### Phrase grounding data
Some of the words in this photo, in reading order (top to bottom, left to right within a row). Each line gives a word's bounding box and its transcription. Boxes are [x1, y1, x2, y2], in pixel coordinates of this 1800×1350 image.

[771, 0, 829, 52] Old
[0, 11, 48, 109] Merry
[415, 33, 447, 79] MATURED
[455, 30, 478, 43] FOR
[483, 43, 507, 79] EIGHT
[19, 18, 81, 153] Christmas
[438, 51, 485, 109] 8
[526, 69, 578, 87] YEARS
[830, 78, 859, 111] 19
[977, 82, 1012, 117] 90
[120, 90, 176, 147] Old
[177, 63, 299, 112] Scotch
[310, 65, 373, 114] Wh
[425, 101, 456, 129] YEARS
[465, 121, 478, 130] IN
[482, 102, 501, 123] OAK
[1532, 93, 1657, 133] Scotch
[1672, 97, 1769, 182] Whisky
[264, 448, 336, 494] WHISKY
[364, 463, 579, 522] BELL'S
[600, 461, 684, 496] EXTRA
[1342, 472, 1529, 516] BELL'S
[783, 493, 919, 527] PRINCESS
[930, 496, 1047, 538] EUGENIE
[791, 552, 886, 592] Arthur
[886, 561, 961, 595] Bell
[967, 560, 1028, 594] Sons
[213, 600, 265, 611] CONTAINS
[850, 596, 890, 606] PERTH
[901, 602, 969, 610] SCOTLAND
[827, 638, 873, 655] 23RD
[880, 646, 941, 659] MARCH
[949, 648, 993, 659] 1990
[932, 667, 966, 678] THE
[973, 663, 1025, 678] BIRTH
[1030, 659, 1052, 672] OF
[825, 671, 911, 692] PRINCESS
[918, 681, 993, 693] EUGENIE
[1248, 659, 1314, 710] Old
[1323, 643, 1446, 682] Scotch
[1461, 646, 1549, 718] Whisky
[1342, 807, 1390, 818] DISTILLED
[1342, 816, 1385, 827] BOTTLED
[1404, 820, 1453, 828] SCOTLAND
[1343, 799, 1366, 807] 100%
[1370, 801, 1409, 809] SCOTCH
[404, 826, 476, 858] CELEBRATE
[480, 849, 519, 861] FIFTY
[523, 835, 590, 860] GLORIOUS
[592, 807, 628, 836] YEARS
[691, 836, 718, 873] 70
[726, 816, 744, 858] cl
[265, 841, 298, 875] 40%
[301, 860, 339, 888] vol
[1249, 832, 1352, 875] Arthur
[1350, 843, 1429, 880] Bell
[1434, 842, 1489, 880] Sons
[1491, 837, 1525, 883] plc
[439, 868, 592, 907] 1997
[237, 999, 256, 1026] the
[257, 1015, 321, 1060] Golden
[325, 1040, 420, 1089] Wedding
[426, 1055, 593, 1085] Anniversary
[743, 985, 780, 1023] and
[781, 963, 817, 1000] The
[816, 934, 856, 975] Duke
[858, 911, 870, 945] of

### Task to carry out
With nothing added or dropped, reproduce all the data exactly.

### Response to the exercise
Some of the words in this photo, in reading order (top to bottom, left to right within a row). Each line gives a word's bounding box and its transcription. Boxes are [x1, y1, x2, y2], in pixel coordinates of this 1800×1350 image.

[771, 0, 829, 52] Old
[0, 11, 48, 109] Merry
[415, 33, 447, 79] MATURED
[455, 30, 478, 43] FOR
[483, 43, 507, 79] EIGHT
[19, 18, 81, 153] Christmas
[438, 51, 485, 109] 8
[526, 69, 578, 87] YEARS
[830, 78, 859, 111] 19
[977, 82, 1012, 117] 90
[120, 90, 176, 147] Old
[177, 63, 299, 112] Scotch
[310, 65, 373, 114] Wh
[425, 101, 456, 129] YEARS
[465, 121, 478, 130] IN
[482, 102, 501, 123] OAK
[1532, 93, 1657, 133] Scotch
[1672, 97, 1769, 182] Whisky
[264, 448, 336, 494] WHISKY
[364, 463, 579, 522] BELL'S
[600, 461, 684, 496] EXTRA
[1342, 472, 1529, 516] BELL'S
[783, 493, 919, 527] PRINCESS
[930, 496, 1047, 538] EUGENIE
[791, 552, 886, 592] Arthur
[886, 561, 961, 595] Bell
[967, 560, 1028, 594] Sons
[213, 600, 265, 611] CONTAINS
[850, 596, 890, 606] PERTH
[901, 602, 969, 610] SCOTLAND
[827, 638, 873, 655] 23RD
[880, 646, 941, 659] MARCH
[949, 648, 993, 659] 1990
[932, 667, 966, 678] THE
[973, 663, 1025, 678] BIRTH
[1030, 659, 1052, 672] OF
[825, 671, 911, 692] PRINCESS
[918, 681, 993, 693] EUGENIE
[1248, 659, 1314, 710] Old
[1323, 643, 1446, 682] Scotch
[1461, 646, 1549, 718] Whisky
[1342, 807, 1390, 818] DISTILLED
[1342, 816, 1385, 827] BOTTLED
[1404, 820, 1453, 828] SCOTLAND
[1343, 799, 1366, 807] 100%
[1370, 801, 1409, 809] SCOTCH
[404, 826, 476, 858] CELEBRATE
[480, 849, 519, 861] FIFTY
[523, 835, 590, 860] GLORIOUS
[592, 807, 628, 836] YEARS
[691, 836, 718, 873] 70
[726, 816, 744, 858] cl
[265, 841, 298, 875] 40%
[301, 860, 339, 888] vol
[1249, 832, 1352, 875] Arthur
[1350, 843, 1429, 880] Bell
[1434, 842, 1489, 880] Sons
[1491, 837, 1525, 883] plc
[439, 868, 592, 907] 1997
[237, 999, 256, 1026] the
[257, 1015, 321, 1060] Golden
[325, 1040, 420, 1089] Wedding
[426, 1055, 593, 1085] Anniversary
[743, 985, 780, 1023] and
[781, 963, 817, 1000] The
[816, 934, 856, 975] Duke
[858, 911, 870, 945] of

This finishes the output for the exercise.